Safety of enzalutamide in patients with metastatic castration‐resistant prostate cancer previously treated with docetaxel: Expanded access in North America

BACKGROUND The open‐label, single‐arm enzalutamide expanded access program (EAP) in the United States and Canada evaluated the safety of enzalutamide in patients with metastatic castration‐resistant prostate cancer (mCRPC) who had previously received docetaxel. METHODS Patients (n = 507) received enzalutamide 160 mg/day until disease progression, intolerable adverse events (AEs), or commercial availability occurred. AEs and other safety variables were assessed on day 1, weeks 4 and 12, and every 12 weeks thereafter. Data following transition to commercial drug were not collected. RESULTS Median age was 71 years (range 43–97); 426 patients (83.9%) had a baseline ECOG score of ≤1. In addition to docetaxel, the majority of patients had received prior prostate cancer treatments such as abiraterone (76.1%) or cabazitaxel (28.6%). Median study treatment duration was 2.6 months (range 0.03–9.07). The most frequently reported reasons for discontinuation were commercial availability of enzalutamide (46.7%) and progressive disease (33.7%). A total of 88.2% of patients experienced AEs; 45.4% experienced AEs with a maximum grade of 1 or 2. Fatigue (39.1%), nausea (22.7%), and anorexia (14.8%) were the most commonly reported AEs.
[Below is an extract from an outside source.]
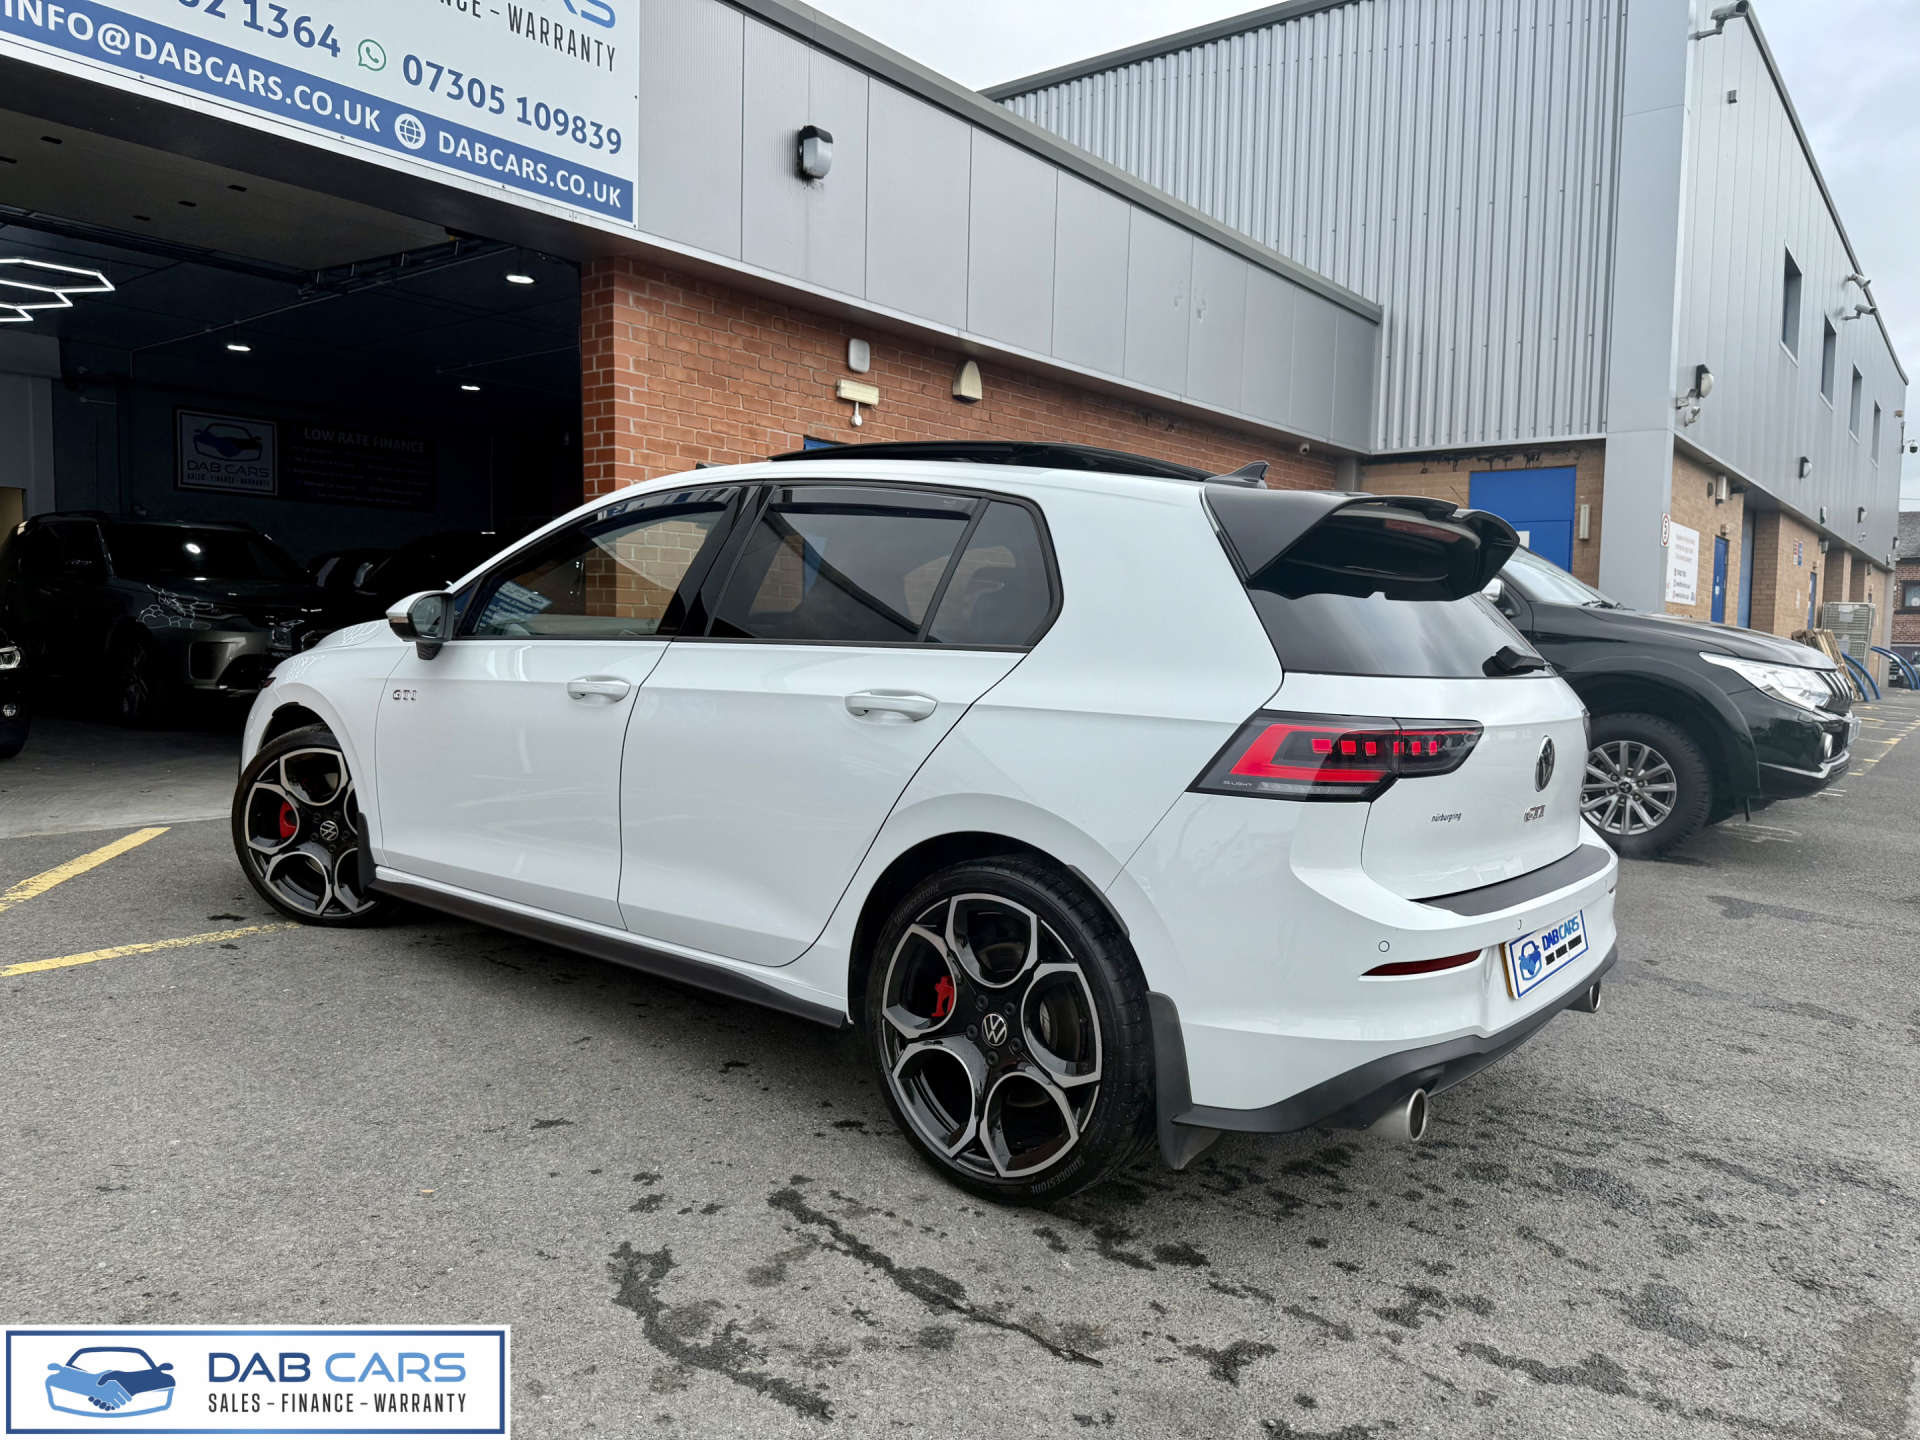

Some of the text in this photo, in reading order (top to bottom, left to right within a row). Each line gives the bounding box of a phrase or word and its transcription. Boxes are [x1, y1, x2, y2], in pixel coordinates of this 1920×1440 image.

Seizure was reported in four patients (0.8%). The most commonly reported event leading to death was progression of metastatic prostate cancer (7.7%). CONCLUSION In this heavily pretreated EAP population with progressive mCRPC, enzalutamide was well tolerated and the safety profile was consistent with that of the AFFIRM trial. Prostate 75: 836–844, 2015. © 2015 The Authors. The Prostate , published by Wiley Periodicals, Inc.